Christmas
The title of this article is ambiguous. For other meanings, see Christmas (disambiguation).
Christmastide and Nativity are redirections to this article. For other meanings, see At Christmastime and Birth of Jesus.
In Christianity, Christmas, also known as Christmastide or the Feast of the Holy Christ, is the celebration of the birth of Jesus Christ. The feast day is December 25, Christ Day, also High Feast of the Nativity of the Lord (Latin Sollemnitas in nativitate Domini), whose celebrations begin on the eve of Christmas Eve (also Christmas Eve, Holy Night, Christmas Night, Christmas Eve). December 25 is a public holiday in many states. In Germany, Austria, the Netherlands, Switzerland and many other countries, the second Christmas holiday is December 26, which is also celebrated as St. Stephen's Day.

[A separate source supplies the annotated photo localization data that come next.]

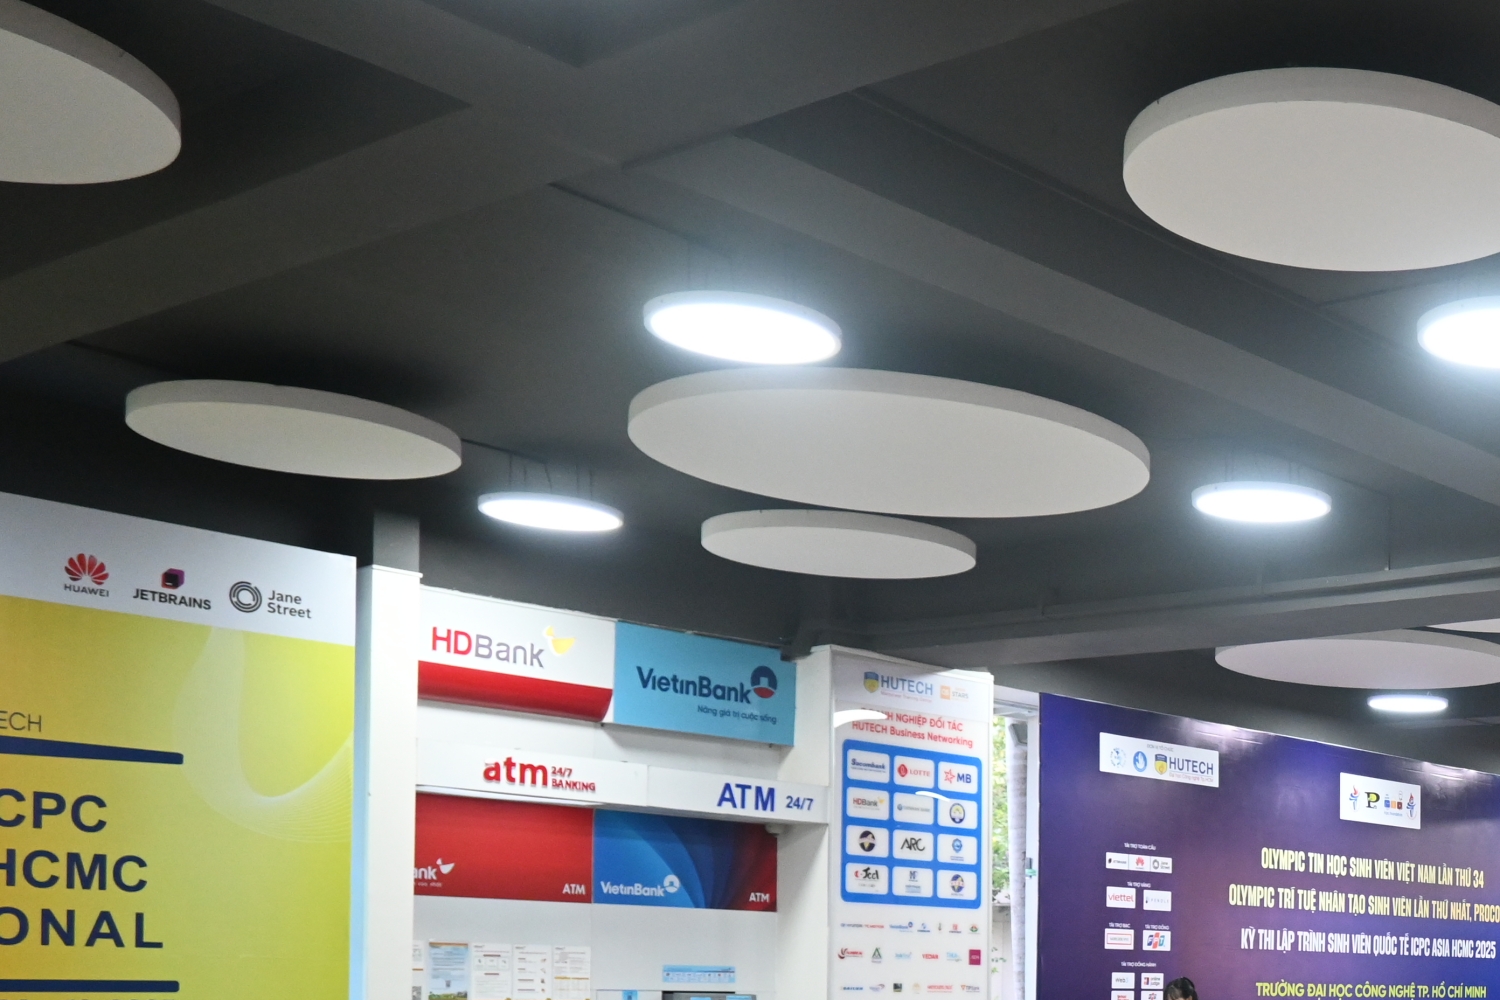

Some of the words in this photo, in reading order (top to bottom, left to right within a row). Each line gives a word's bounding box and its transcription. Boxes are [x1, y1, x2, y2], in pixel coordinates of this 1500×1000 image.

[64, 583, 109, 597] HUAWEI
[133, 588, 212, 610] JETBRAINS
[268, 589, 302, 605] Jane
[267, 602, 312, 619] Street
[431, 626, 544, 668] HDBank
[881, 675, 933, 696] HUTECH
[896, 712, 927, 728] NGHIỆP
[930, 716, 945, 728] ĐỐI
[947, 720, 963, 732] TÁC
[852, 721, 887, 734] HUTECH
[890, 726, 925, 740] Business
[927, 732, 973, 749] Networking
[483, 757, 548, 786] atm
[551, 766, 572, 778] 24/7
[851, 758, 886, 770] Sacombank
[909, 768, 931, 777] LOTTE
[1169, 757, 1214, 775] HUTECH
[551, 777, 596, 792] BANKING
[956, 772, 971, 783] MB
[717, 782, 775, 812] ATM
[785, 795, 814, 811] 24/7
[1261, 847, 1305, 872] OLYMPIC
[1308, 852, 1324, 874] TIN
[1326, 853, 1347, 878] HỌC
[1349, 856, 1372, 878] SINH
[1374, 858, 1395, 881] VIÊN
[1397, 861, 1415, 884] VIỆT
[1417, 863, 1436, 884] NAM
[1437, 862, 1453, 886] LẦN
[1455, 867, 1471, 888] THỨ
[1472, 869, 1484, 889] 34
[562, 883, 586, 895] ATM
[748, 892, 770, 903] ATM
[1108, 894, 1134, 902] viettel
[1229, 883, 1275, 908] OLYMPIC
[1277, 886, 1296, 910] TRÍ
[1297, 888, 1316, 913] TUỆ
[1318, 890, 1345, 913] NHÂN
[1348, 893, 1366, 916] TẠO
[1368, 895, 1390, 916] SINH
[1392, 895, 1412, 918] VIÊN
[1413, 895, 1430, 919] LẦN
[1432, 899, 1448, 920] THỨ
[0, 907, 163, 948] ONAL
[1240, 925, 1256, 950] KỲ
[1258, 929, 1275, 951] THI
[1276, 927, 1296, 954] LẬP
[1297, 929, 1326, 953] TRÌNH
[1327, 932, 1350, 954] SINH
[1351, 932, 1371, 955] VIÊN
[1373, 931, 1397, 957] QUỐC
[1399, 932, 1410, 956] TẾ
[1410, 937, 1430, 957] ICPC
[1431, 938, 1450, 958] ASIA
[1451, 939, 1474, 959] HCMC
[1475, 941, 1496, 959] 2025
[1255, 979, 1304, 998] TRƯỜNG
[1306, 983, 1326, 1000] ĐẠI
[1329, 983, 1353, 1000] HỌC
[1354, 981, 1387, 998] CÔNG
[1388, 982, 1415, 1000] NGHỆ
[1417, 985, 1430, 998] TP.
[1431, 981, 1446, 998] HỒ
[1447, 983, 1463, 998] CHÍ
[1464, 985, 1487, 999] MINH

Christmas is usually celebrated with family or friends and with giving gifts to each other, called Bescherung. In German-speaking and some other countries, Bescherung usually takes place in the evening of December 24 and is considered the most prominent part of Christmas. In English-speaking countries, Bescherung usually takes place on the morning of Christmas Day. The gift-giving ritual makes reference to mythical gift-bringers such as the Christ Child or Santa Claus, some of whom are also played. Such rites, like the festival as a whole, serve to strengthen family relationships. Many countries associate other customs of their own with Christmas.

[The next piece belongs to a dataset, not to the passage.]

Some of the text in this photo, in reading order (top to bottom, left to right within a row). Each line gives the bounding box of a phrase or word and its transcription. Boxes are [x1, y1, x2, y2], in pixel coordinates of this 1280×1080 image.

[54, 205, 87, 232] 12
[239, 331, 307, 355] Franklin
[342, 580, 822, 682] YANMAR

Attending a church service on Christmas Eve, the night or morning of December 25 is part of the festive tradition for many people; in Germany, this applies to one fifth of the population (2016 and 2018).
In Western Christianity, Christmas is one of the three main festivals of the church year, along with Easter and Pentecost. December 25 has been documented as an ecclesiastical holiday in Rome since 336. It is not clear how this date came about. It is discussed that it was influenced by the Roman sun cult: Emperor Aurelian had set December 25, 274, as an empire-wide feast day for the Roman sun god Sol Invictus; early Christians drew parallels between this sun god and "Christ, the true sun" (Christus verus Sol).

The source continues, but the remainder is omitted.